Check yourself out for sleep week

March 8, 2017 GMT

Bridgeport Hospital has designated the week leading up to Daylight Saving Time — which starts Sunday — as Sleep Awareness Week, and the medical director of Bridgeport Hospital’s Center for Sleep Medicine is asking those with chronic snoring problems to see a sleep medicine specialist for help.

“Ironically, snoring is already an indication that your spouse/partner may already be awake,” said Dr. Armand Wolff in a news release. “Snoring is a classic symptom of sleep apnea, a condition caused by obstruction of the airway. The inability to breathe properly literally wakes up the sleeper - sometimes dozens of times in a single night. The sleeper may have no idea these waking episodes are happening.”

Wolff said other symptoms of sleep apnea can accompany snoring. These include extreme sleepiness during the day, insomnia, inability to focus, irritability and headache. Over a longer period, if the condition is untreated, he says far worse issues may occur - high blood pressure, stroke, heart attack, heart rhythm problems, diabetes, depression and more.

About 40 milion people have sleep apnea nationwide. Treatments for sleep apnea can vary but the usual course of action is wearing a continuous positive airway pressure (CPAP) device, which pumps a gentle stream of air into the airway, keeping it open during sleep. Older and larger CPAP masks covering both nose and mouth have been supplemented in recent years by more comfortable nasal-only models. The Center for Sleep Medicine provides fitting and testing to ensure that each patient has a device that is most comfortable individual tastes.
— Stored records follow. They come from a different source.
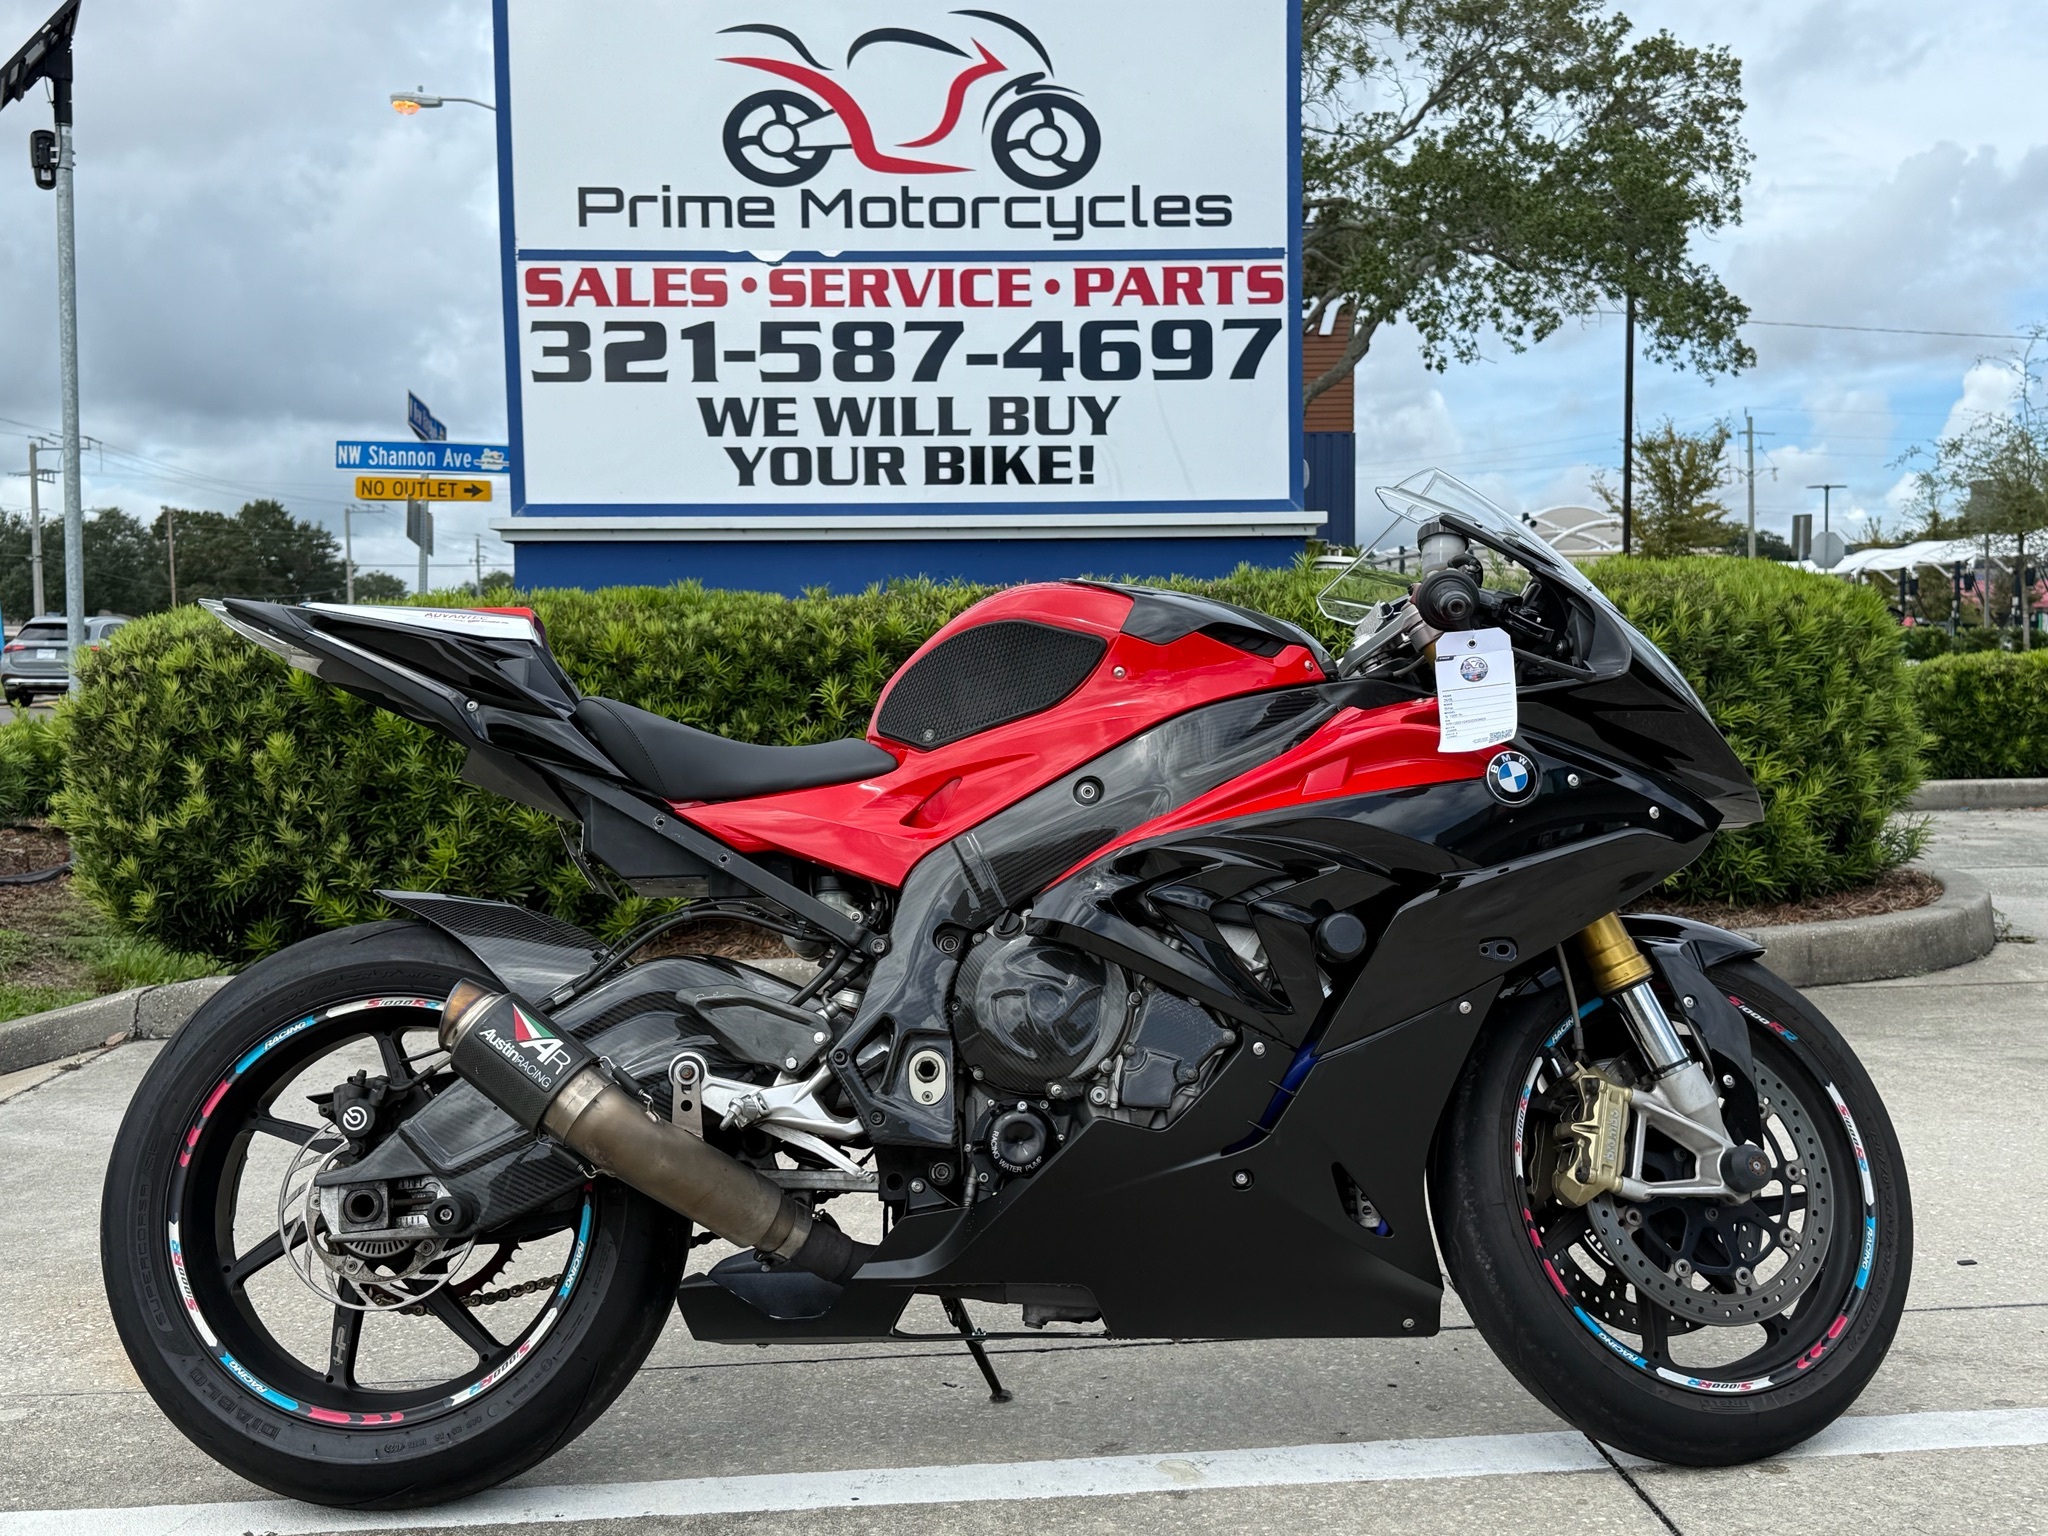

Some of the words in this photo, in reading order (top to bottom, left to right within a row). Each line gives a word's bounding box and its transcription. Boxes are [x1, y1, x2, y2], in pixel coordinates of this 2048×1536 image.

[578, 186, 775, 229] Prime
[801, 186, 1234, 242] Motorcycles
[526, 267, 729, 308] SALES
[769, 267, 1033, 308] SERVICE
[1074, 264, 1285, 307] PARTS
[530, 318, 1284, 384] 321-587-4697
[697, 396, 800, 438] WE
[814, 396, 973, 438] WILL
[988, 395, 1121, 437] BUY
[337, 445, 362, 465] NW
[368, 445, 436, 467] Shannon
[443, 447, 472, 468] Ave
[724, 446, 907, 488] YOUR
[924, 444, 1096, 487] BIKE!
[361, 480, 385, 497] NO
[392, 480, 458, 498] OUTLET
[1490, 754, 1529, 775] BMW
[263, 1020, 307, 1050] RACING
[998, 1158, 1023, 1173] WATER
[1024, 1155, 1042, 1172] PUMP
[564, 1239, 586, 1290] RACING
[1860, 1227, 1875, 1271] RACING
[1597, 1332, 1639, 1362] RACING
[228, 1359, 268, 1394] RACING
One risk factor for sleep apnea is obesity, and sometimes, simply losing weight can help alleviate the condition. Surgical options are also available for providing a less obstructed airway.

There has also been a trend toward more home testing, versus spending the night in a sleep lab. This option allows the patient to be fitted with equipment during an office visit, then carry home a portable device that measures breathing patterns, heart rate and other physical activity during sleep. The portable device is then returned to the sleep lab and the results are analyzed.